Die Demokratie kann Terrorismus nicht mit Terrorismus bekämpfen

Die zweite Lehre, die uns der Terrorismus verpasst hat, ist nach Tamir die Verwundbarkeit. Saudiarabien ist zwar auch verwundbar, aber es kann Terrorismus mit Terrorismus bekämpfen, was die Demokratie nicht kann.

In welthistorischen Momenten ist eine Änderung möglich. Wenn der Staat das Gewaltmonopol hat, kann ein Ghandi ihn durch Gewaltlosigkeit aushebeln. Wenn der Staat das Gewaltmonopol nicht mehr hat oder wenn heftig an ihm genagt wird, brechen beispielsweise die Märkte zusammen. Der globalen Wirtschaftsmacht gegenüber ist der Staat ins Hintertreffen geraten, aber auch sie darf nicht nackte Gewalt ausüben.

Der Wirtschaftsprimat der letzten Jahrzehnte, der den Nationalstaat obsolet gemacht hat, könnte durch die Anrufung des Staats als Heilsbringer gegen die Angst tatsächlich von einer neuen totalitären Staatsideologie abgelöst werden.

Eindrucksvoll war es, einmal von einem Palästinenser, dem Psychoanalytiker Gehad Mazarweh, Freiburg, die arabischen Erziehungspraktiken aus erster Hand geschildert zu bekommen.

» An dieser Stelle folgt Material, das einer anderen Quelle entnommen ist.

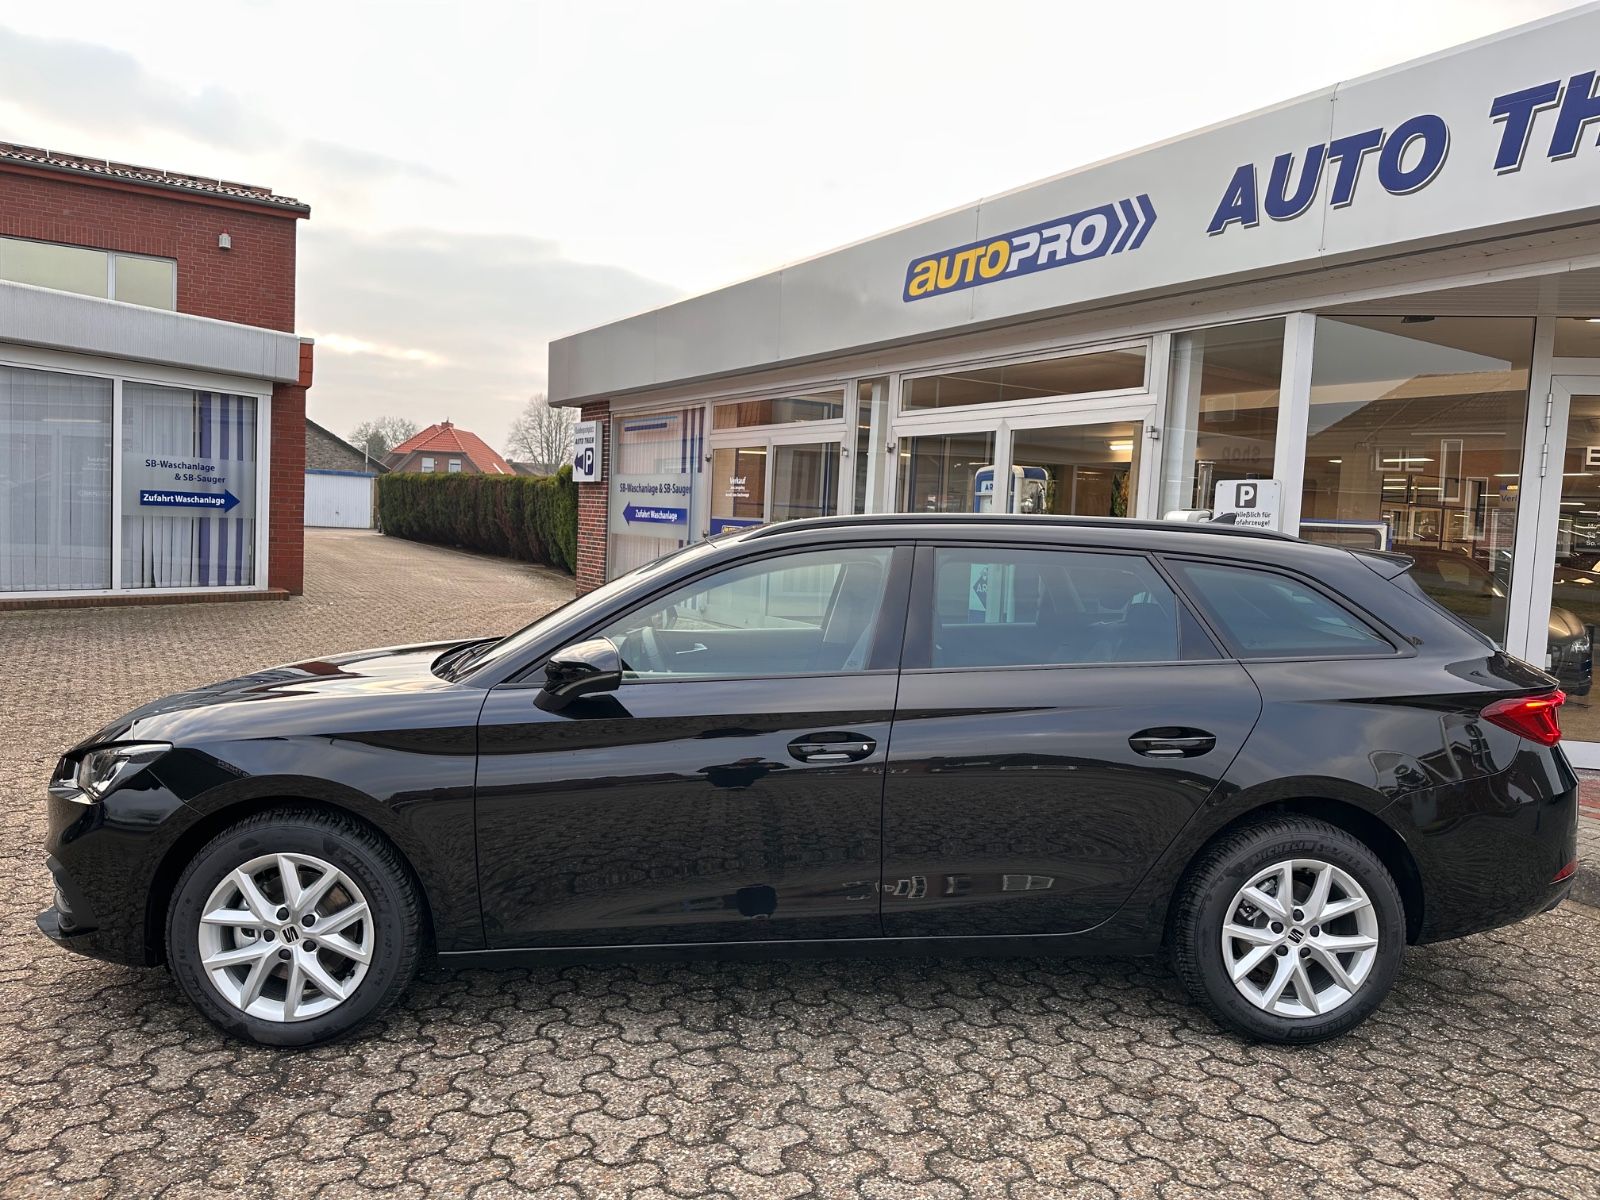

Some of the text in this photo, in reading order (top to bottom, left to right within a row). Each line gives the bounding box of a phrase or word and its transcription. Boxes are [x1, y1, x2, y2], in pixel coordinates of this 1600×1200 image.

[1206, 70, 1600, 236] AUTO TH
[145, 459, 216, 472] SB-Waschanlage
[585, 450, 593, 473] P
[174, 473, 226, 485] & SB-Sauger
[619, 482, 692, 497] SB-Waschanlage & SB-Sauger
[1239, 485, 1255, 507] P
[143, 493, 225, 506] Zufahrt Waschanlage
[635, 509, 678, 522] Zufahrt Waschanlage
[1236, 511, 1271, 519] hließlich für

Die Intifada zeigt sich in diesem Licht nicht nur als verzweifelter politischer Befreiungsversuch, sondern auch als Ausbruch psychisch ausweglos unterdrückter Adoleszenten.

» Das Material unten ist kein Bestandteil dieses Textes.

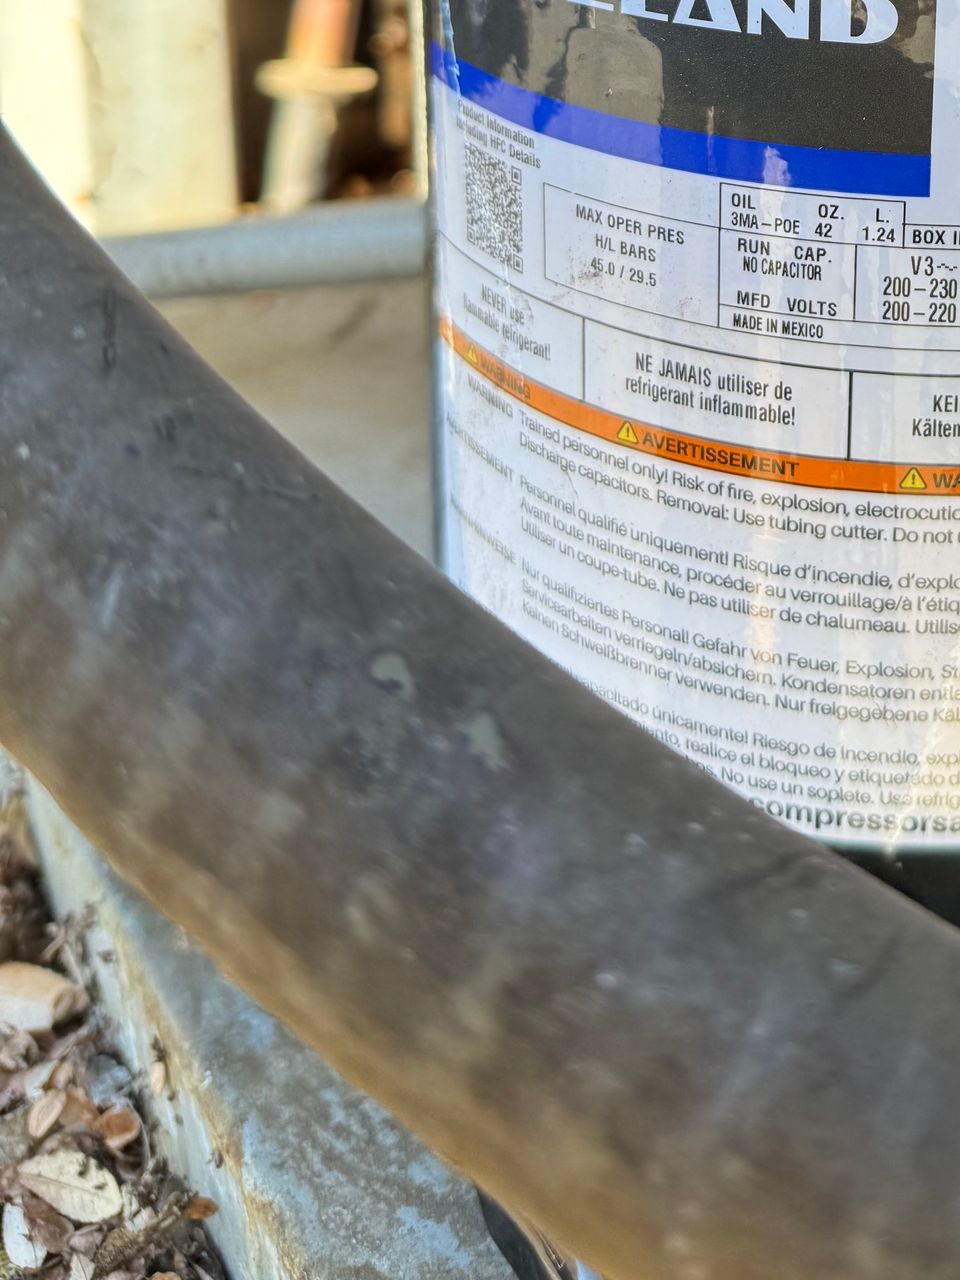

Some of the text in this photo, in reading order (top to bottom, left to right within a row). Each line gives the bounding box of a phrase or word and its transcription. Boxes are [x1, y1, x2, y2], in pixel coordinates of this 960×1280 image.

Mazarwehs Diagnose passte gut zu der von Ruth Stein, Psychoanalytikerin aus New York, die es für typisch für die Mentalität des Monotheismus hält, dass der Vater nicht gehasst werden darf. Der Hass gegen ihn wird in Selbsthass verwandelt und in seiner unerträglichen Destruktivität auf "geeignete" Opfer projiziert.

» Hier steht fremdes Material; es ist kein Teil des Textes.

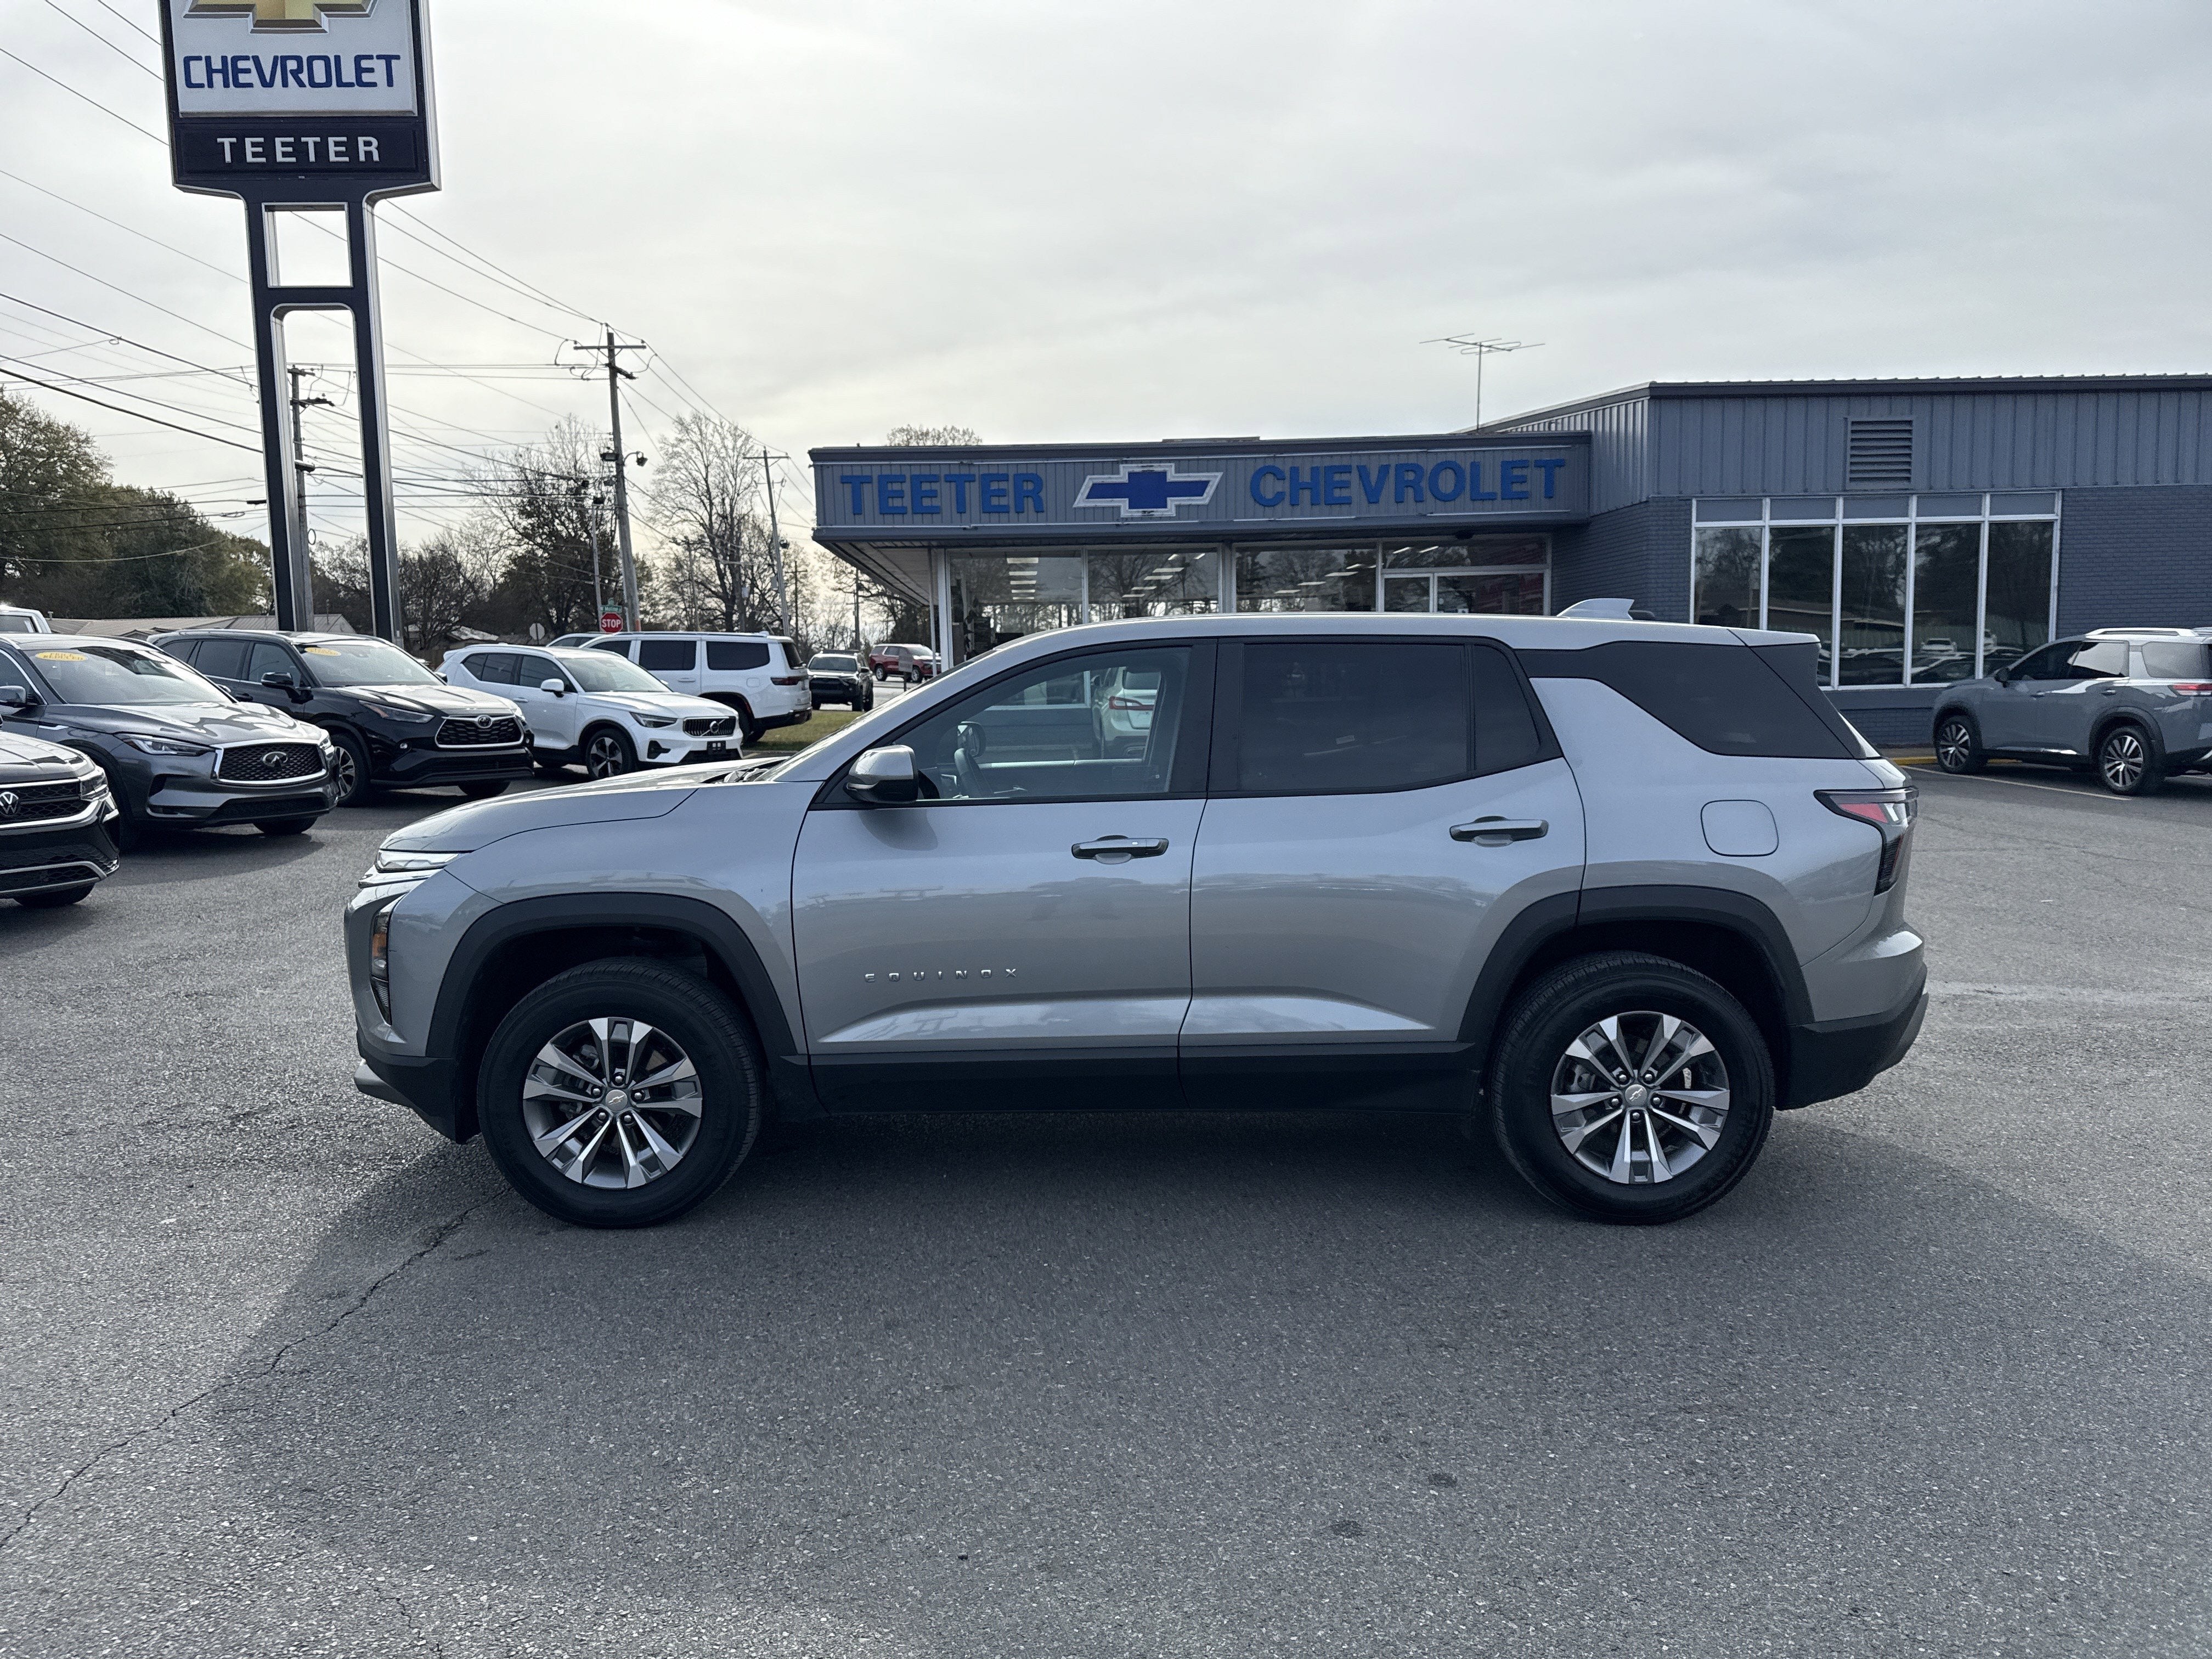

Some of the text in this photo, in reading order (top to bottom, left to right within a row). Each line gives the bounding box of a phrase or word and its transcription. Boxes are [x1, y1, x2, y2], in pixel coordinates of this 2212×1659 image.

[183, 54, 400, 88] CHEVROLET
[217, 136, 380, 163] TEETER
[840, 458, 1566, 515] TEETER CHEVROLET
[602, 619, 622, 628] STOP
[864, 968, 1017, 983] EQUINOX

Stein konzentrierte sich in ihrer Figur des "vertikalen homoerotischen Verlangens nach Gottes Liebe" auf die patriarchale Diskussion - die Blutopfer im Hinduismus oder Christentum, die durch ein weibliches Mysterium gegangen sind, sind nicht weniger schrecklich, aber anders herzuleiten. Die Frau existiert im Islam nicht als gleichberechtigtes Wesen und vor allem nicht als symbolisch repräsentiertes. Doch muss auch hier die Lage nicht aussichtslos sein.

Entscheidende Veränderungen haben sich immer dann ergeben, wenn auch nur eine einzige Frau in der Familie Intellektuelle wurde. Geschieht das massenhaft, geht eine vernünftige Konkurrenz los: die Männer wollen sich nicht lumpen lassen.

Der Heilige Franz des Islam

Was hat eigentlich den christlich motivierten Selbsthass in Europa aufgefangen, dessen Ausdruck die Geißlerscharen oder die schweren Misshandlungen untereinander waren? Er konnte in der Tradition des Antisemitismus projektiv "bewältigt" werden.

Das heute politisch korrekte Tabu über dem Antisemitismus führt in Westeuropa vielfach dazu, dass der palästinensische Judenhass verharmlost wird, so die These von Micha Brumlik, Direktor des Fritz Bauer-Instituts, die er mit einer Fülle von Beispielen belegte. Die Verbindungen von Antisemitismus und Terrorismus sind vielfältig. Da ist zunächst Israel, das für die kollektiven Phantasien eine Amerika-Stellvertreterrolle spielt. Dann gibt es über die Argumentationen seit dem 19. Jahrhundert, die NS-Vorbereitung, und die NS-Zeit die Direktverbindung vom europäischen zum arabischen Antisemitismus.

Die Abstände zwischen dem, was man analysiert, und der Möglichkeit, darauf noch einwirken zu können, sind unvorstellbar groß, wie auch die Sprachen auf der Konferenz nicht von allen gleichzeitig verstanden wurden. Das ist dennoch nicht entmutigend. So wie in den islamischen Gesellschaften nicht der Hass, sondern die Vielfalt "geschürt" werden muss, so auch in den Diskussionen über sie.

Es gab in jüngster Zeit den Ruf nach einem islamischen Luther, um den mentalen Rückstand im Orient aufzuholen. Vielleicht wäre es besser, wenn es einen islamischen Heiligen Franz gäbe. Denn wie alle Psychoanalytiker und anders als Luther war Franziskus nicht der Meinung, dass "innen" und "außen" nichts miteinander zu tun hätten.